Siyaset Meclis'i şekerci dize getirdi

Meclis'i şekerci dize getirdi

10.05.2000 - 00:00 | Son Güncellenme:

Meclis'i şekerci dize getirdi

Meclisi şekerci dize getirdi


İşadamı Ali Galip Irmak, Meclis aleyhine açtığı davayı kazandı. Galip, alacağı 196 milyar lirayla okul ve sağlık ocağı yaptıracak


       İzmir'de yedi yıl önce dönemin TBMM Başkanvekili Yılmaz Hocaoğlu ve işadamı Yafes Öztürk'ün yaşamını kaybettiği kazada ağır yaralanan ünlü şekerci Ali Galip Irmak, hukuk savaşını kazandı.
       Hocaoğlu, Güzelyalı'daki Mustafa Kemal Sahil Bulvarı'nda, TBMM'ye ait 0002 plakalı otomobille kaza yaptı. Kaldırıma çıkan otomobilde Hocaoğlu ile Öztürk ölürken, Irmak ağır yaralı olarak kurtuldu. Üç ay komada, 20 ay bitkisel hayatta kalan ve yüzde 80 işgücü kaybına uğrayan Irmak, olaydan dört yıl sonra 500 milyar maddi, 2 trilyon 500 milyar lira manevi tazminat istemiyle TBMM'ye ihtarname gönderdi.

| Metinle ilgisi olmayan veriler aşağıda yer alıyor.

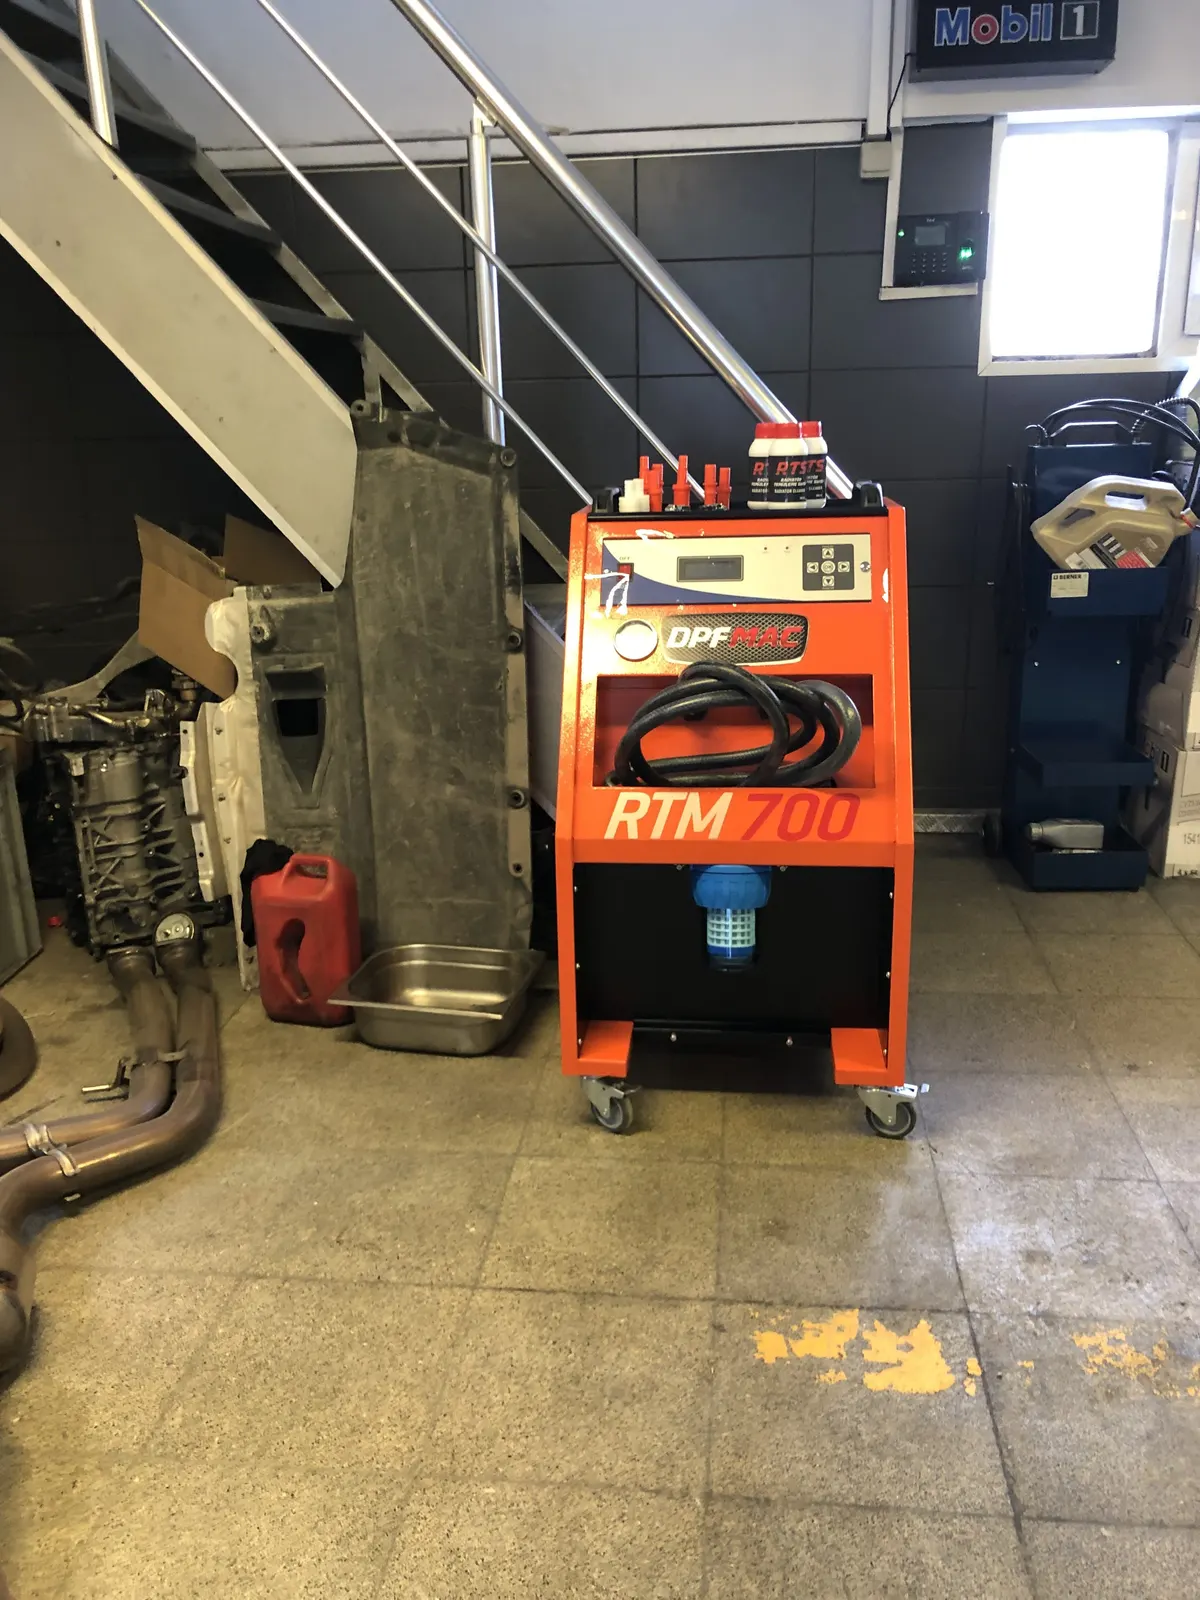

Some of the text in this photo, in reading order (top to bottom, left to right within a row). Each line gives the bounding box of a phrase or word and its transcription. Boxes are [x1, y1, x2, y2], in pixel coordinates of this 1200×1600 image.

Yanıt gelmemesi üzerine Irmak, "fazlaya ilişkin hakları saklı kalmak" kaydıyla 150 milyar lira manevi, 10 milyon lira maddi tazminat istemiyle dava açtı.
       İzmir 7. Asliye Hukuk Mahkemesi'ndeki dava, geçen yıl sonuçlandı. Mahkeme, "91 milyar 688 milyon lira maddi tazminatı hakkı olduğu" yolundaki bilirkişi raporunu dikkate alarak Irmak'a 5 milyar lira manevi, 5 milyon lira maddi tazminat verilmesine karar verdi.

Hayır işlerine harcayacak

       TBMM'den parayı tahsil eden Irmak, yaklaşık iki ay önce "fazlaya ilişkin hakkı" olan, faiziyle birlikte 196 milyar lirayı bulan tazminatı tahsil etmek için TBMM aleyhine icra takibi başlattı. TBMM İdare Amirliği, İzmir 12. İcra Müdürlüğü'ne başvurarak, "haksız menfaat teminine yöneliktir" diyerek takibi durdurdu. Bunun üzerine Irmak, itirazın iptali için mahkemeye başvurdu. Dava önümüzdeki günlerde İzmir 7. Asliye Hukuk Mahkemesi'nde görülmeye başlanacak.
       Kazandığı tazminatı hayır işlerine harcamayı planladığını söyleyen Irmak, "Kazadan sonra yaşamam mucize olarak görüldü. Zamanında boks yaptığım için kalbim diğer insanların iki katı büyüklüğündeymiş, yaşamamı bu sağladı. Hala tedavi oluyorum. Haklıyım, haklı olduğumu kanıtladım. Hiçbir zaman umutsuzluğa düşmedim. Parayı alacağım, okul, sağlık ocağı yaptıracağım. Buca'da yapılan kız yurdunu döşeyip, bir katına Yılmaz'ın, bir katına Yasef'in, bir katına da kendi ismimi vereceğim" diye konuştu.